= WORK ITEM =
Retype the data exactly. Spelling and punctuation stay as they are.

§

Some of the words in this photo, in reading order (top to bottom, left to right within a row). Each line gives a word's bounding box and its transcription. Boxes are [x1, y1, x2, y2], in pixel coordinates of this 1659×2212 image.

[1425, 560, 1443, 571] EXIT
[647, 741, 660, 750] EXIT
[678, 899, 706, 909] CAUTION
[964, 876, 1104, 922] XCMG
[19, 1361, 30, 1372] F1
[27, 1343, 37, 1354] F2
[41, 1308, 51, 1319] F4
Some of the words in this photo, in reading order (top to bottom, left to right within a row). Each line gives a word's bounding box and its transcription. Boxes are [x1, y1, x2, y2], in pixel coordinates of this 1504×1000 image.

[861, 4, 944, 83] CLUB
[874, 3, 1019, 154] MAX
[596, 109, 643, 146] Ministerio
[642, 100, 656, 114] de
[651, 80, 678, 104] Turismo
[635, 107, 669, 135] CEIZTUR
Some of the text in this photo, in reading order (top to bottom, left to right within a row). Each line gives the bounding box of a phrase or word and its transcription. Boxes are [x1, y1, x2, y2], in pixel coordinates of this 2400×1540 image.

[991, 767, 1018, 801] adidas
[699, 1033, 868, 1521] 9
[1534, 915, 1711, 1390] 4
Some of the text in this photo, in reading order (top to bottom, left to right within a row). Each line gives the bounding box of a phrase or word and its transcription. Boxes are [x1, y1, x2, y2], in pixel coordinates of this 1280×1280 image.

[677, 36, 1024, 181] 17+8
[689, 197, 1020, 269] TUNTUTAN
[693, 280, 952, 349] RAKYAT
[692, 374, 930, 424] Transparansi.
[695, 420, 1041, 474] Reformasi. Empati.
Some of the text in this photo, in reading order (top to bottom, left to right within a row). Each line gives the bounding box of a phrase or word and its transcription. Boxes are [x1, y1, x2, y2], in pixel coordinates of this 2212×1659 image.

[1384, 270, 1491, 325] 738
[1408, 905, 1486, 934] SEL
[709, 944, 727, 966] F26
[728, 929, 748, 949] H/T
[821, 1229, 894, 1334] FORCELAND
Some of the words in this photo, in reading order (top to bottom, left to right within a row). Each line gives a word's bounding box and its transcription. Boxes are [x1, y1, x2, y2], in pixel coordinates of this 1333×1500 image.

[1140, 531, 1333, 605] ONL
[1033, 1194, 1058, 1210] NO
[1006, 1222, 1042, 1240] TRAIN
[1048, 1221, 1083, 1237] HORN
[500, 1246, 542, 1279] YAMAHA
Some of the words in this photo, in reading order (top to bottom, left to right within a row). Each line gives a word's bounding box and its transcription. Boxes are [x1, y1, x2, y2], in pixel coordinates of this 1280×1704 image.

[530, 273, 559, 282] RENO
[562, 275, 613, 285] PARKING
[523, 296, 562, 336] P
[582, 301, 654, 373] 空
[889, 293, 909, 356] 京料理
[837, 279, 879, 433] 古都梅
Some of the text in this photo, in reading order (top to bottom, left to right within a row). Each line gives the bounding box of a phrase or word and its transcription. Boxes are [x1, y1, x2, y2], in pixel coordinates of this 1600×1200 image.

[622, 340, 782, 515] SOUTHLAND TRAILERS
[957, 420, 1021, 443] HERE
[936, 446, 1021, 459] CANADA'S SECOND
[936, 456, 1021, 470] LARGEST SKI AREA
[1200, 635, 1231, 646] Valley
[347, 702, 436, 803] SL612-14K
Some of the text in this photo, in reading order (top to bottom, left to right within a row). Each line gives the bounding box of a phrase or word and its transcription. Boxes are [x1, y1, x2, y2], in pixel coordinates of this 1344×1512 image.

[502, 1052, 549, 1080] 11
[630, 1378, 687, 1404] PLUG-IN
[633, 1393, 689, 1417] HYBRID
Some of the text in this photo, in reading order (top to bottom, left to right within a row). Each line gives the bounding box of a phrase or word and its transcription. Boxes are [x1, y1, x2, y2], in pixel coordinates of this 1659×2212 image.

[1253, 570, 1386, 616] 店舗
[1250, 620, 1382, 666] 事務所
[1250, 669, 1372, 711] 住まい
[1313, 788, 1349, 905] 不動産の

§

= YOUR RESPONSE =
Some of the words in this photo, in reading order (top to bottom, left to right within a row). Each line gives a word's bounding box and its transcription. Boxes are [x1, y1, x2, y2], in pixel coordinates of this 1659×2212 image.

[1425, 560, 1443, 571] EXIT
[647, 741, 660, 750] EXIT
[678, 899, 706, 909] CAUTION
[964, 876, 1104, 922] XCMG
[19, 1361, 30, 1372] F1
[27, 1343, 37, 1354] F2
[41, 1308, 51, 1319] F4
Some of the words in this photo, in reading order (top to bottom, left to right within a row). Each line gives a word's bounding box and its transcription. Boxes are [x1, y1, x2, y2], in pixel coordinates of this 1504×1000 image.

[861, 4, 944, 83] CLUB
[874, 3, 1019, 154] MAX
[596, 109, 643, 146] Ministerio
[642, 100, 656, 114] de
[651, 80, 678, 104] Turismo
[635, 107, 669, 135] CEIZTUR
Some of the text in this photo, in reading order (top to bottom, left to right within a row). Each line gives the bounding box of a phrase or word and its transcription. Boxes are [x1, y1, x2, y2], in pixel coordinates of this 2400×1540 image.

[991, 767, 1018, 801] adidas
[699, 1033, 868, 1521] 9
[1534, 915, 1711, 1390] 4
Some of the text in this photo, in reading order (top to bottom, left to right within a row). Each line gives the bounding box of a phrase or word and its transcription. Boxes are [x1, y1, x2, y2], in pixel coordinates of this 1280×1280 image.

[677, 36, 1024, 181] 17+8
[689, 197, 1020, 269] TUNTUTAN
[693, 280, 952, 349] RAKYAT
[692, 374, 930, 424] Transparansi.
[695, 420, 1041, 474] Reformasi. Empati.
Some of the text in this photo, in reading order (top to bottom, left to right within a row). Each line gives the bounding box of a phrase or word and its transcription. Boxes are [x1, y1, x2, y2], in pixel coordinates of this 2212×1659 image.

[1384, 270, 1491, 325] 738
[1408, 905, 1486, 934] SEL
[709, 944, 727, 966] F26
[728, 929, 748, 949] H/T
[821, 1229, 894, 1334] FORCELAND
Some of the words in this photo, in reading order (top to bottom, left to right within a row). Each line gives a word's bounding box and its transcription. Boxes are [x1, y1, x2, y2], in pixel coordinates of this 1333×1500 image.

[1140, 531, 1333, 605] ONL
[1033, 1194, 1058, 1210] NO
[1006, 1222, 1042, 1240] TRAIN
[1048, 1221, 1083, 1237] HORN
[500, 1246, 542, 1279] YAMAHA
Some of the words in this photo, in reading order (top to bottom, left to right within a row). Each line gives a word's bounding box and its transcription. Boxes are [x1, y1, x2, y2], in pixel coordinates of this 1280×1704 image.

[530, 273, 559, 282] RENO
[562, 275, 613, 285] PARKING
[523, 296, 562, 336] P
[582, 301, 654, 373] 空
[889, 293, 909, 356] 京料理
[837, 279, 879, 433] 古都梅
Some of the text in this photo, in reading order (top to bottom, left to right within a row). Each line gives the bounding box of a phrase or word and its transcription. Boxes are [x1, y1, x2, y2], in pixel coordinates of this 1600×1200 image.

[622, 340, 782, 515] SOUTHLAND TRAILERS
[957, 420, 1021, 443] HERE
[936, 446, 1021, 459] CANADA'S SECOND
[936, 456, 1021, 470] LARGEST SKI AREA
[1200, 635, 1231, 646] Valley
[347, 702, 436, 803] SL612-14K
Some of the text in this photo, in reading order (top to bottom, left to right within a row). Each line gives the bounding box of a phrase or word and its transcription. Boxes are [x1, y1, x2, y2], in pixel coordinates of this 1344×1512 image.

[502, 1052, 549, 1080] 11
[630, 1378, 687, 1404] PLUG-IN
[633, 1393, 689, 1417] HYBRID
Some of the text in this photo, in reading order (top to bottom, left to right within a row). Each line gives the bounding box of a phrase or word and its transcription. Boxes are [x1, y1, x2, y2], in pixel coordinates of this 1659×2212 image.

[1253, 570, 1386, 616] 店舗
[1250, 620, 1382, 666] 事務所
[1250, 669, 1372, 711] 住まい
[1313, 788, 1349, 905] 不動産の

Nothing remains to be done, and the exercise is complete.